Recently, Coyle (2011) [51] has presented a comprehensive action plan for regions and
communities with special reference to the USA. The “Primer” by Prasad et al. [52] is also
intended for practical use with e.g. Sound Practice examples of Adaptation and Mitigation.
The book by Pelling (2003) [29] is on the vulnerability of cities. Cf. also Torn & Pasman [36].
Concerning the risk of flooding in seaside cities or port cities the vulnerability of existing or
planned structures or infrastructures should be discussed [35, 41, 53]. Special considerations
must be paid to the protection of underground structures like tunnels. There are several books
about improving community resilience based on the experience from Hurricane Katrina 2005,
e.g. Lansford et al. [54] and Verchick [55]. The latter extensively develops his thoughts
behind the proposed three keywords or ‘Commandments’: Go Green, Be Fair, Keep Safe.
Resilience and Transformation. - In recent discussions of resilient communities with a focus
on the urban environment, there has been concern about the problem of peak oil, the growth
of cities and increasing road traffic [56], [57]. That’s why it has been proposed to think in
terms of a transformation to a society with more railroad transport, less car traffic and more
use of mass transport in the cities and to build more routes for bicycles and pedestrians.

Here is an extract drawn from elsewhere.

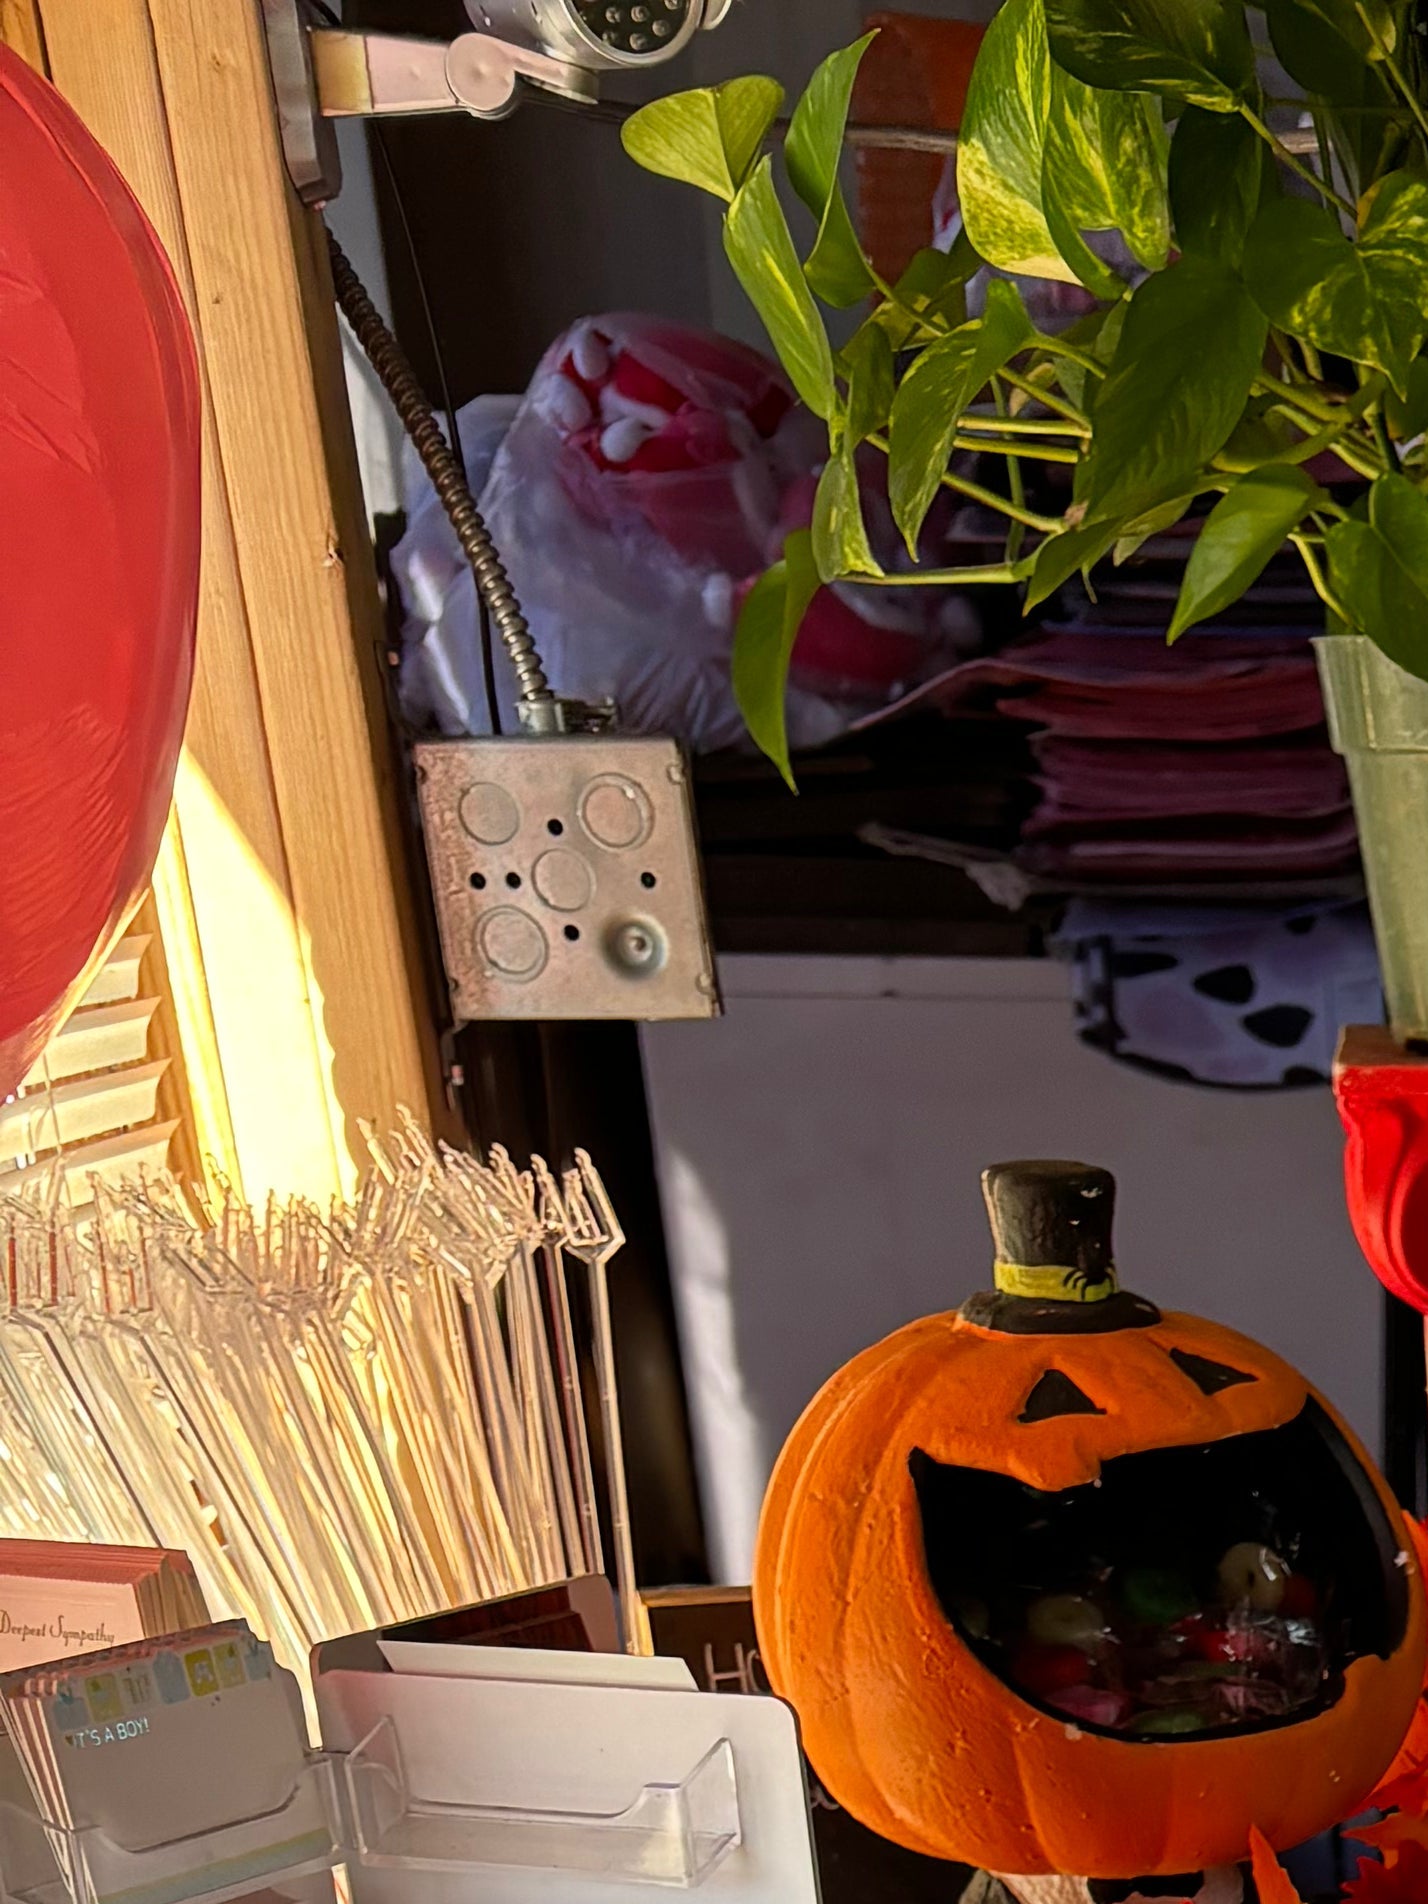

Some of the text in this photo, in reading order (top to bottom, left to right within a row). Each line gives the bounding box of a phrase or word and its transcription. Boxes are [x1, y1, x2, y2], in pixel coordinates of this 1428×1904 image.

3.3 Built Environment as a Social-Ecological system


The resilience perspective is more and more used as an approach for understanding the
dynamics of social–ecological systems [33].  Recently, studies of coupled Human-
environment systems aim at a more holistic approach. Moffat and Kohler (2008) investigate
the built environment as a complex social-ecological system between the natural and the
cultural [58], cf. Rubino [59]. Examples of related work: Crane et al. (2010) [60] apply
resilient thinking to the reconstruction of the Haitian State and Berkes (2007) [61] uses that
kind of thinking to reduce vulnerability when considering change and uncertainty.

4. Discussion
Since there is no generally accepted definition for Robustness, several different alternative
definitions have been given in section 2. In contrast, the concept of Resilience, although it is
more far-reaching and is used in various different application areas, has a common conceptual
basis for the definitions in all these areas.

5. Conclusions
The concept of robustness of structures has been found to be important and useful in structural
design and should be the object for further research.
The different aspects of hazards, vulnerability, disaster risk reduction, and resilience are
important and need further investigations.
The concept of resilience has found increasing and widespread applications in different areas
dealing with risk, hazards, and disaster risk reduction.